La plateforme GAEL, utilisée pour gérer les diplômes DELF/DALF, a été victime d’une cyberattaque qui a exposé les données personnelles de près de 5,8 millions de personnes, dont des candidats depuis 2005, soulignant des lacunes de sécurité sur un service public et ravivant le débat sur la protection des données des usagers.
Une fuite massive sur une plateforme stratégique
Selon un communiqué officiel de France Éducation international, établissement sous tutelle du ministère de l’Éducation nationale, la plateforme GAEL a subi une intrusion informatique entre le 9 et le 12 janvier 2026. Les attaquants ont exploité des identifiants valides issus de comptes externes sans authentification multifactorielle, ce qui leur a permis d’accéder et d’exfiltrer des données personnelles.
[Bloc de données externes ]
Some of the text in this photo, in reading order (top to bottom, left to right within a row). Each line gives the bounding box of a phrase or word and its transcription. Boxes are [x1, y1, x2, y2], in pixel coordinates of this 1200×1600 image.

Parmi les informations volées figurent la civilité, le nom, la date et lieu de naissance, la nationalité ou encore la langue maternelle des personnes concernées. Selon l’administration, aucune donnée de contact (adresse, e-mail, téléphone) ni financière n’a été compromise, ni les notes ou diplômes obtenus.
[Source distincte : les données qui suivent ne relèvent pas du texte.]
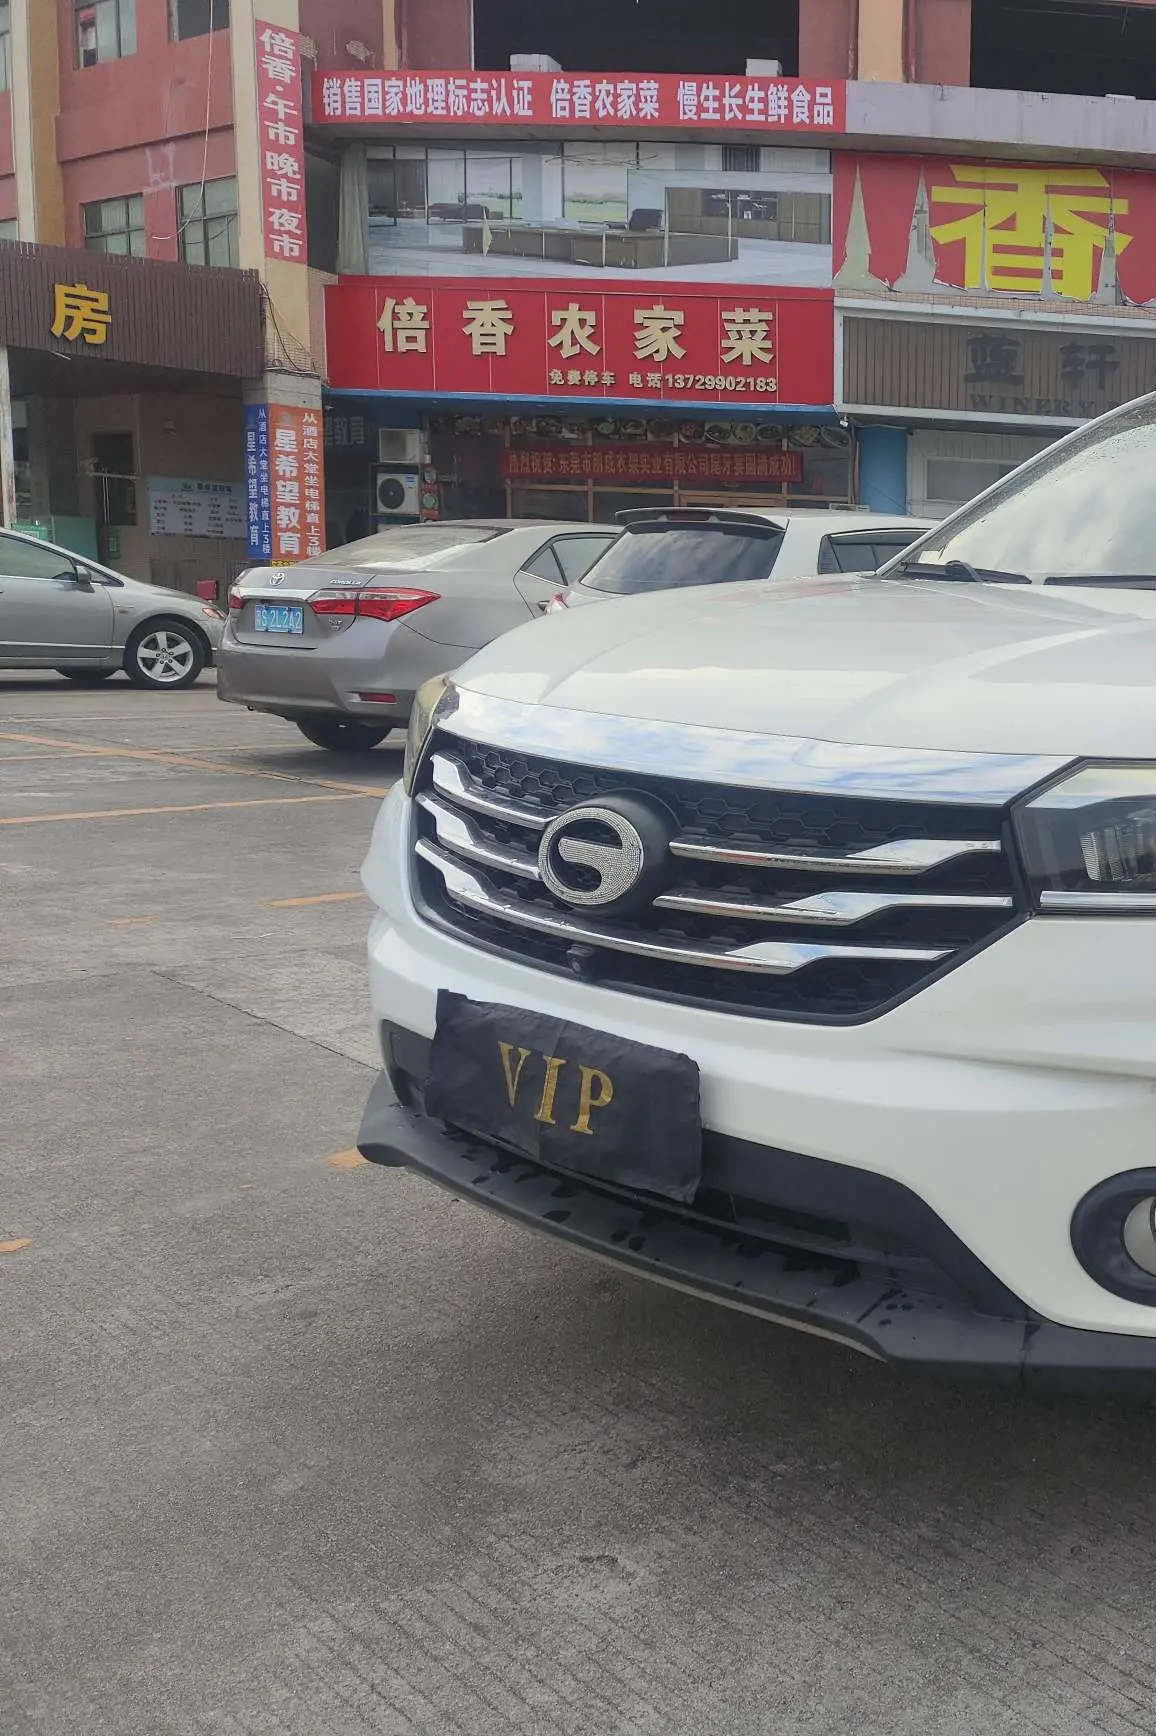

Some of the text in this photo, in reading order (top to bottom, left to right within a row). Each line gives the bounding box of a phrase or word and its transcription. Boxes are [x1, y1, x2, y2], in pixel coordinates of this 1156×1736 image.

[322, 77, 834, 125] 销售国家地理标志认证 倍香农家菜 慢生长生鲜食品
[50, 283, 112, 345] 房
[376, 296, 775, 365] 倍香农家菜
[548, 369, 616, 386] 免费停车
[247, 431, 259, 546] 星希望教育
[274, 429, 301, 555] 星希望教育
[302, 412, 322, 557] 从酒店大堂坐电梯直上3楼
[498, 1041, 614, 1135] VIP
Une réaction institutionnelle conforme aux obligations
Dès la détection de l’incident, l’accès à la plateforme a été suspendu par précaution et des mesures supplémentaires de sécurité sont à l’étude avant toute réouverture. L’Éducation nationale a aussi prévenu la CNIL et a déposé plainte auprès des autorités compétentes pour faire la lumière sur la compromission. Ce type de réaction est conforme aux obligations réglementaires en matière de notification des violations de données personnelles, mais il interroge sur l’efficacité des mesures de prévention antérieures, notamment l’absence d’une authentification forte sur un service manipulant des informations sensibles.
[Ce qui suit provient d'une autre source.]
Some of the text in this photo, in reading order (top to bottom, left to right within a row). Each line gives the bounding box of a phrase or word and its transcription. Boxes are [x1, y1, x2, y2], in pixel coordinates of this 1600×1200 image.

Dans un contexte de menaces croissantes
Cette attaque s’inscrit dans un contexte plus large de cyberincidents visant des services publics et institutions françaises. Ces derniers mois, plusieurs ministères, dont celui des Sports et celui de l’Intérieur, ont également déclaré des compromissions ou des fuites de données affectant des millions de foyers ou des systèmes internes, avec notification aux autorités compétentes. La répétition de tels incidents soulève des questions sur la résilience des systèmes d’information de l’État face à des menaces devenues aujourd’hui quasi quotidiennes, tout en mettant en lumière l’importance de contrôles d’accès rigoureux et de pratiques de cybersécurité adaptées à des services essentiels.